The co-founders of a company formerly contracted by the Canada Border Services Agency, who raised concerns about the process for doling out government contracts and instigated probes into the ArriveCan app controversy, says the federal government’s contracting process is ‘absolutely not’ giving Canadian taxpayers value for their money.

  • jehreg
    5 months ago

    One of the biggest problems with Government procurement is that the bandwidth is limited. By this I mean that PSPC only has a few dozen procurement officers that track all contracts and bids, etc… it is impossible for them to track hundreds of thousands of small relationships (bidding, billing, and otherwise), so instead they have minimum income requirements for contract bidders. That means the only large companies can win real contracts. In that way, the system is rigged.

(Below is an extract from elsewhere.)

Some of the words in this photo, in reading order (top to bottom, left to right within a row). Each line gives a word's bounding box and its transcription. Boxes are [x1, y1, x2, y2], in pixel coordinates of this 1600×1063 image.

    But, large companies won’t bid on small projects; it’s not worth their time and the profit margins are typically not big enough. So, the projects have to be massive OR BE MADE TO APPEAR MASSIVE in order to attract bids from large firms.

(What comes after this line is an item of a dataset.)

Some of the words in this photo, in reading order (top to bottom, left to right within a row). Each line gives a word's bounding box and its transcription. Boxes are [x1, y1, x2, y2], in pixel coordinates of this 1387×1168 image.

    The limited bandwidth also explains why so many projects get enormous as there is not enough bandwidth to actually check the deliverables and the received value of these deliverables. Add the fact that most IT projects go absolutely NUTS with creeping featurism (which is asking for things that was never described in the contract) and those get billed at a massive premium. The longer the project timeline, the higher the risk of this creep, even for tiny projects.

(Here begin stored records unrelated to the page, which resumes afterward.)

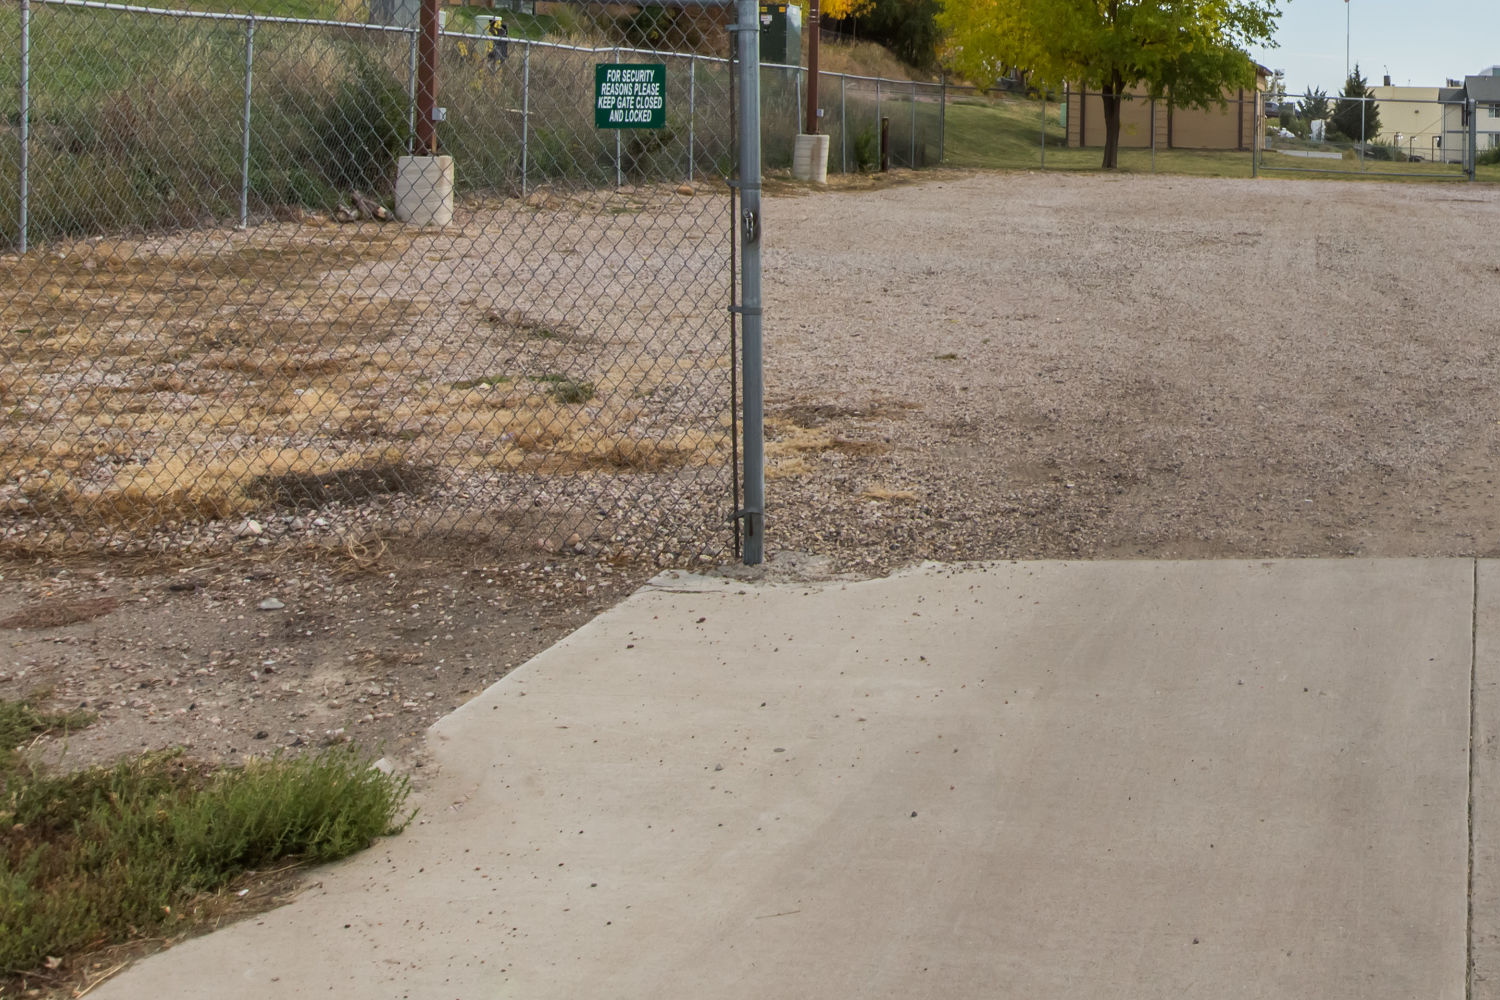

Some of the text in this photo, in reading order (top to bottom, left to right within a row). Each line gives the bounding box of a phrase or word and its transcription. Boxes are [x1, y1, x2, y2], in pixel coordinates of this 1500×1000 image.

[606, 69, 655, 82] FOR SECURITY
[601, 83, 660, 95] REASONS PLEASE
[598, 96, 663, 108] KEEP GATE CLOSED
[609, 109, 652, 122] AND LOCKED
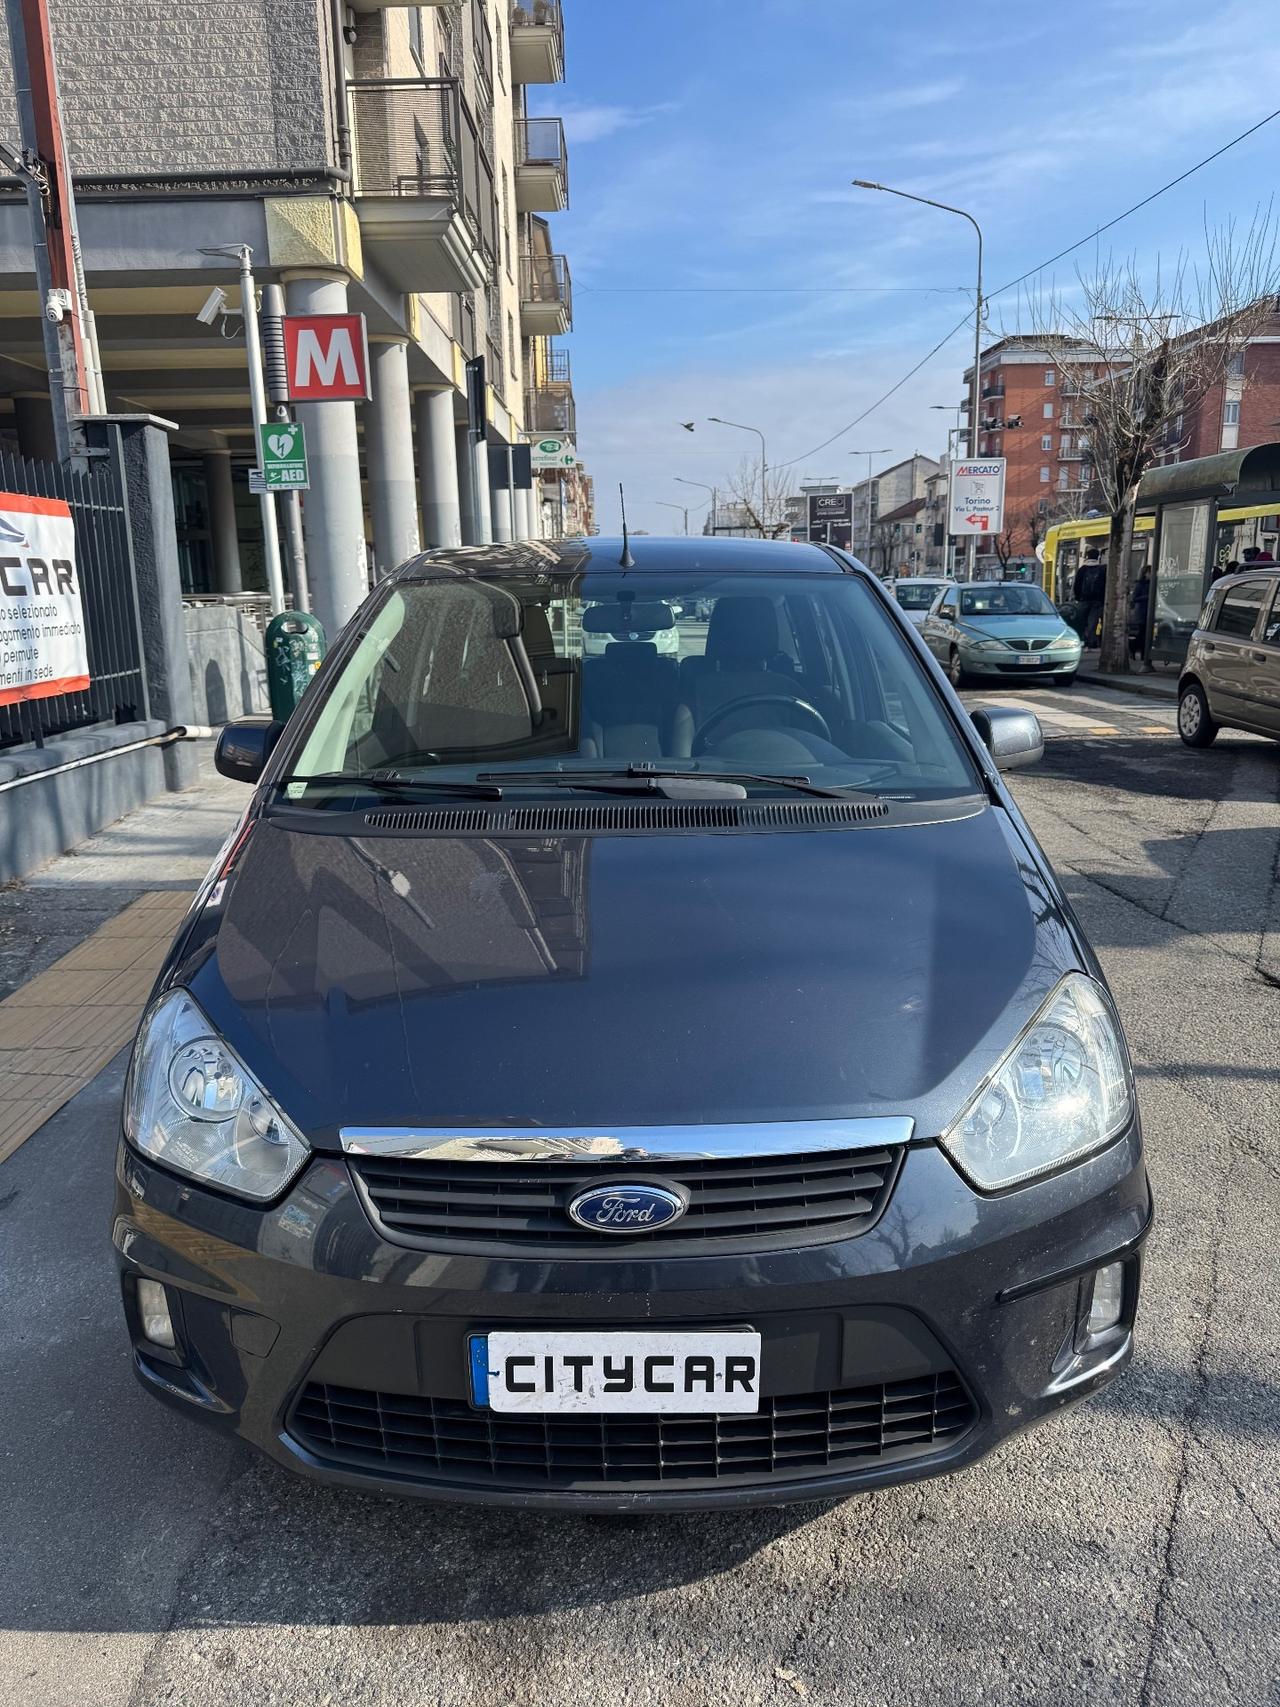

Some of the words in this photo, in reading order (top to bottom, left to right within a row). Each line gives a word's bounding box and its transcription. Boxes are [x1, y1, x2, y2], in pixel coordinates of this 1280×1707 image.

[295, 328, 360, 387] M
[281, 469, 305, 482] AED
[964, 496, 991, 505] Torino
[8, 603, 58, 620] selezionato
[42, 621, 81, 638] immediato
[4, 646, 39, 665] permute
[25, 667, 32, 682] in
[34, 663, 54, 679] sede
[595, 1197, 655, 1222] Ford
[505, 1355, 756, 1393] CITYCAR

    So, this ArriveCan is a very simple IT offering; that means a small project, with a tight timeline, for an agency that is famous for changing its IT requirements mid-project. They can’t take a chance that their be no bidders to the RFP, so they have to make it more complex on paper, and it has to be in the millions of dollars to attract big companies. So a big company probably won the contract and immediately sub-contracted it to a very small firm (that’s quite usual) for pennies on the dollar. The small company then is responsible for communicating with the CBSA and trying to figure out the real needs and requirements. That’s when the IT fun begins and most of it was probably out of the description of the contract and the app probably got redone completely 2 or 3 times. The first iterations were probably so complex and user threatening that additional expertise had to be brought in the simplify it. All of it out of contract.

    Meanwhile, the big company assigns one or two project managers, relationship managers, etc… that get billed at full days each even if they don’t have much to do. They take a huge cut in top of any experts that have to be brought from outside the contract, sometimes double the rate of the expert.

    And instead of a simple app that could have been coded and tested by one person in 4 months, you gets this monster project because it was so politically important and « we can’t afford it to fail ».